Summary: The chosen approach for the unique ID generator in distributed systems is based on the Twitter snowflake ID generator. It utilizes a 64-bit ID format divided into different sections, including a timestamp, datacenter ID, machine ID, and sequence number. This design ensures uniqueness, ordering by time, and scalability in a distributed environment.

Bullets:

  • The unique ID generator is based on the Twitter snowflake ID generator approach.
  • The ID format is 64 bits long and divided into several sections.
  • The timestamp section occupies 41 bits and represents milliseconds since a defined epoch.
  • Datacenter ID and machine ID sections identify the source of the ID within the distributed system.
  • The datacenter ID is 5 bits long, allowing up to 32 datacenters.
  • The machine ID is 5 bits long, allowing up to 32 machines per datacenter.
  • The sequence number section is 12 bits long and increments for each generated ID within a machine/process.
  • The sequence number resets to 0 every millisecond to ensure uniqueness within that time interval.
  • The design provides distributed and scalable ID generation for the distributed system.
  • The generated IDs are numeric and can be easily used for various purposes.
  • Summary:
  • In the unique ID generator design based on the Twitter snowflake approach, datacenter IDs and machine IDs are chosen during startup and remain fixed. Changes to these values must be carefully reviewed to avoid ID conflicts. The timestamp section, occupying 41 bits, is crucial for ordering IDs by time. Binary representation can be converted to UTC, allowing for sorting, and vice versa.
  • Bullets:
    • Datacenter IDs and machine IDs are selected during system startup and should not be changed without careful consideration to avoid ID conflicts.
    • The timestamp section, consisting of 41 bits, plays a significant role in the ID generator design.
    • The timestamp allows for the sorting of IDs based on time.
    • Binary representation can be converted to UTC time using a conversion method.
    • UTC time can also be converted back to binary representation.
    • The timestamp ensures that generated IDs can be ordered chronologically.
    • Ordering by time enables efficient retrieval and analysis of data based on ID timestamps.

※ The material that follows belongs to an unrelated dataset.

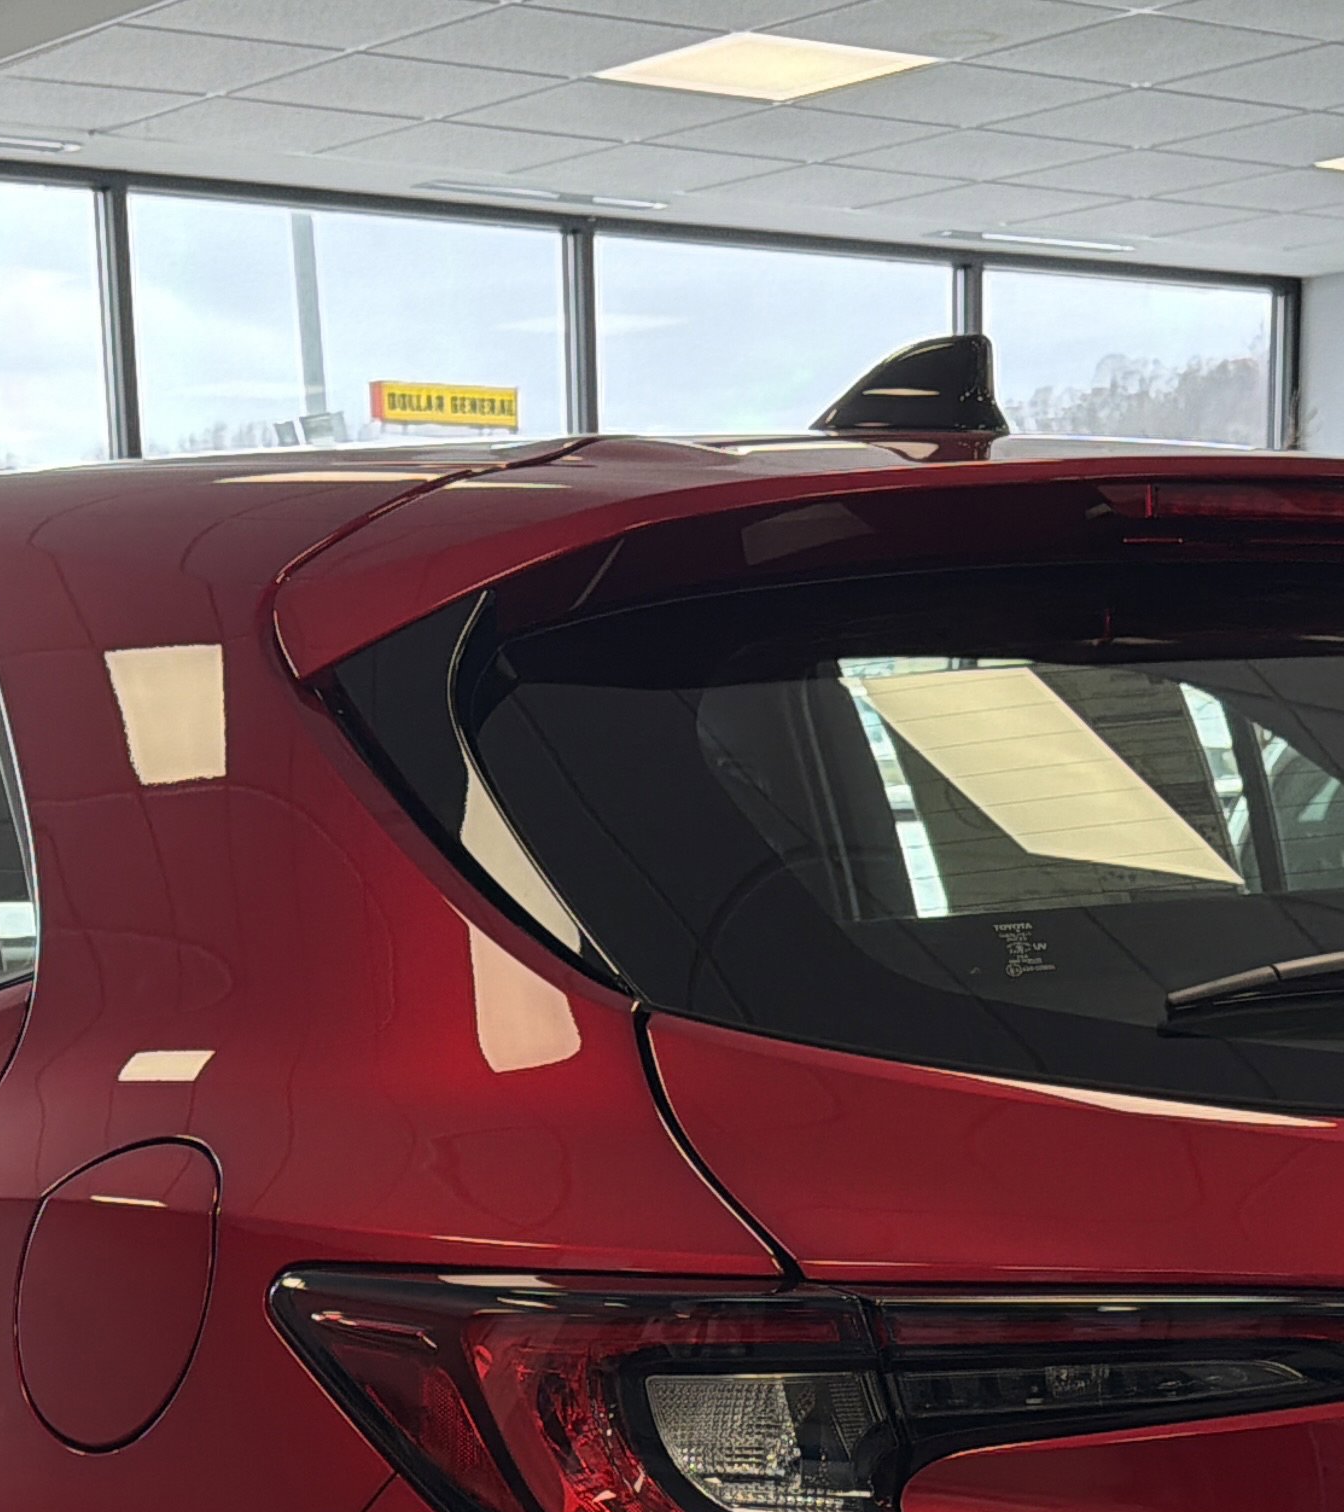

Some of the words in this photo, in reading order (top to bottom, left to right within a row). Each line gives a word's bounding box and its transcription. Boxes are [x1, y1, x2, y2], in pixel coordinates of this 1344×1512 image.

[387, 392, 445, 413] DOLLAR
[450, 396, 514, 416] GENERAL
[993, 922, 1033, 932] TOYOTA

  • The 41-bit timestamp section in the ID generator can represent a maximum timestamp of 2^41 - 1, which is equivalent to approximately 69 years in milliseconds.
  • This allows the ID generator to function for 69 years before reaching the maximum timestamp value.
  • Setting a custom epoch time close to the current date helps delay the potential overflow of the timestamp section.
  • After 69 years, a new epoch time will be needed, or alternative techniques must be adopted to migrate IDs and continue generating unique IDs.

Sequence number

  • Sequence number is 12 bits, which give us 2 ^ 12 = 4096 combinations.
  • This field is 0 unless more than one ID is generated in a millisecond on the same server. In theory, a machine can support a maximum of 4096 new IDs per millisecond.

Step 4 - Wrap up

In this chapter, we discussed different approaches to design a unique ID generator: multimaster replication, UUID, ticket server, and Twitter snowflake-like unique ID generator. We settle on snowflake as it supports all our use cases and is scalable in a distributed environment. If there is extra time at the end of the interview, here are a few additional talking points: • Clock synchronization. In our design, we assume ID generation servers have the same clock. This assumption might not be true when a server is running on multiple cores. The same challenge exists in multi-machine scenarios. Solutions to clock synchronization are out of the scope of this book; however, it is important to understand the problem exists. Network Time Protocol is the most popular solution to this problem. For interested readers, refer to the reference material [4]. • Section length tuning. For example, fewer sequence numbers but more timestamp bits are effective for low concurrency and long-term applications. • High availability. Since an ID generator is a mission-critical system, it must be highly available.